[The records]

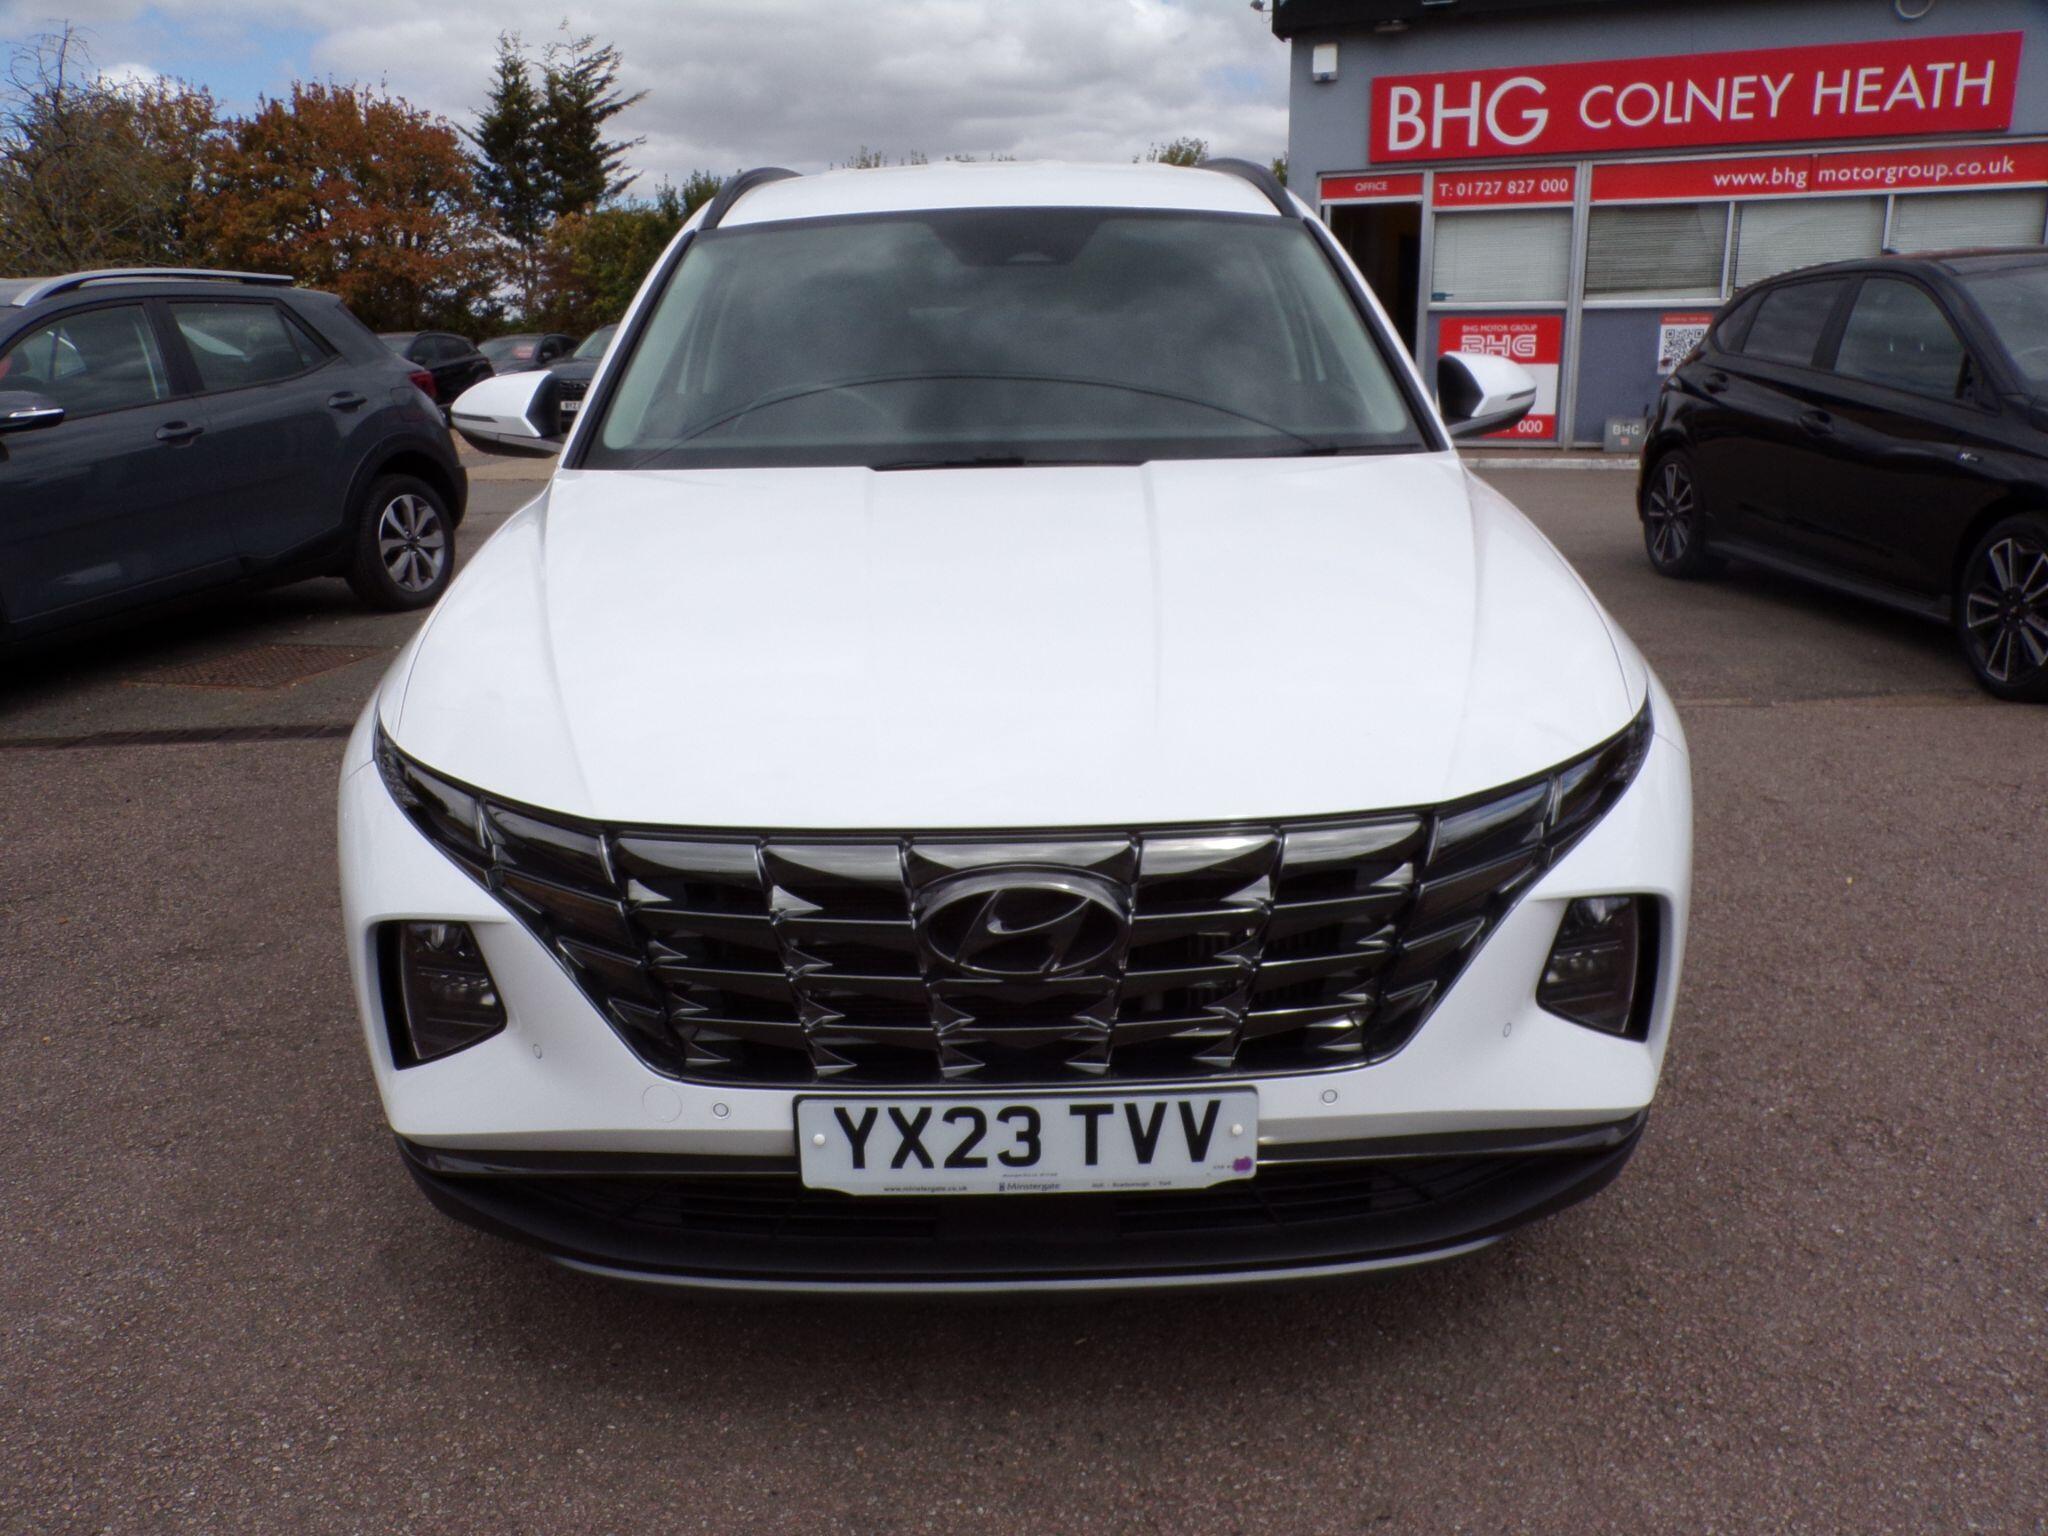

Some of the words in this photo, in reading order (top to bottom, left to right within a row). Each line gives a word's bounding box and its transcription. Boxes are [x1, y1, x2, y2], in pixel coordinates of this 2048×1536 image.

[1387, 76, 1549, 151] BHG
[1578, 73, 1795, 130] COLNEY
[1812, 59, 1996, 117] HEATH
[1818, 156, 2015, 184] motorgroup.co.uk
[1354, 181, 1389, 193] OFFICE
[1439, 183, 1453, 197] T:
[1456, 181, 1503, 197] 01727
[1507, 180, 1535, 195] 827
[1540, 178, 1569, 193] 000
[1462, 325, 1479, 333] BHG
[1480, 324, 1509, 332] MOTOR
[1461, 334, 1537, 357] BHG
[1517, 420, 1543, 433] 000
[1612, 424, 1639, 435] BHG
[833, 1105, 1042, 1170] YX23
[1069, 1100, 1222, 1166] TVV
[1006, 1182, 1061, 1192] Minstergate

[/The records]

_Exercise requirements:_ A faithful copy of all the entries is required, pictures excluded.

_Your response:_
Some of the words in this photo, in reading order (top to bottom, left to right within a row). Each line gives a word's bounding box and its transcription. Boxes are [x1, y1, x2, y2], in pixel coordinates of this 2048×1536 image.

[1387, 76, 1549, 151] BHG
[1578, 73, 1795, 130] COLNEY
[1812, 59, 1996, 117] HEATH
[1818, 156, 2015, 184] motorgroup.co.uk
[1354, 181, 1389, 193] OFFICE
[1439, 183, 1453, 197] T:
[1456, 181, 1503, 197] 01727
[1507, 180, 1535, 195] 827
[1540, 178, 1569, 193] 000
[1462, 325, 1479, 333] BHG
[1480, 324, 1509, 332] MOTOR
[1461, 334, 1537, 357] BHG
[1517, 420, 1543, 433] 000
[1612, 424, 1639, 435] BHG
[833, 1105, 1042, 1170] YX23
[1069, 1100, 1222, 1166] TVV
[1006, 1182, 1061, 1192] Minstergate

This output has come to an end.